During its deliberations, the FCC has come under intense pressure from Congress and lobbying groups like the National Association of Broadcasters, which is bitterly opposed to the deal. It argues that the satcasters' merger is monopolistic and won't benefit consumers.
Chairman Martin has been castigated by members of Congress and consumer advocates for taking an overly permissive stance on media consolidation in general over the last year. He's already in the political doghouse for rushing through rule changes that relax restrictions on cross-media ownership, and faces an ongoing investigation by the House of Representatives' Energy and Commerce Committee. The investigation was instigated, in part, by the complaints of Martin's two Democratic colleagues on the five-person FCC--a hint of how rancorous deliberations have become behind closed doors.

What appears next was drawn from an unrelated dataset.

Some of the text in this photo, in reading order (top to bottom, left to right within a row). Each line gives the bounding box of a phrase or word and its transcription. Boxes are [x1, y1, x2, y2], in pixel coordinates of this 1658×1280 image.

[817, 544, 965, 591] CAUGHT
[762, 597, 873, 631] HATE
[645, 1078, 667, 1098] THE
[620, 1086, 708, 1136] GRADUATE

So while Martin is unlikely to go against the DOJ decision, it's quite possible that he will append some conditions that will mollify his opponents in Congress and fellow commissioners.
While the NAB continues to oppose the merger outright, terrestrial broadcasters are hedging their bets with a somewhat softer compromise offer. As a condition for the merger, the HD Digital Radio Alliance has demanded that Sirius and XM receivers be required to include chips to pick up HD broadcasts. While Sirus CEO Mel Karmazin opposes this plan, Martin could sell it to Congress and the public as a victory for consumer choice.
Martin could also demand even greater flexibility in the satcasters' proposed a la carte subscription plan--allowing consumers more choice, lower fees, or both.
Finally, Martin could also support another HD Digital Radio Alliance demand that both satcasters cancel their exclusive agreements with automakers, which represent the main future growth area for satellite radio. This would open up opportunities for HD radio manufacturers to push their own product, thus building their "installed base" of receivers.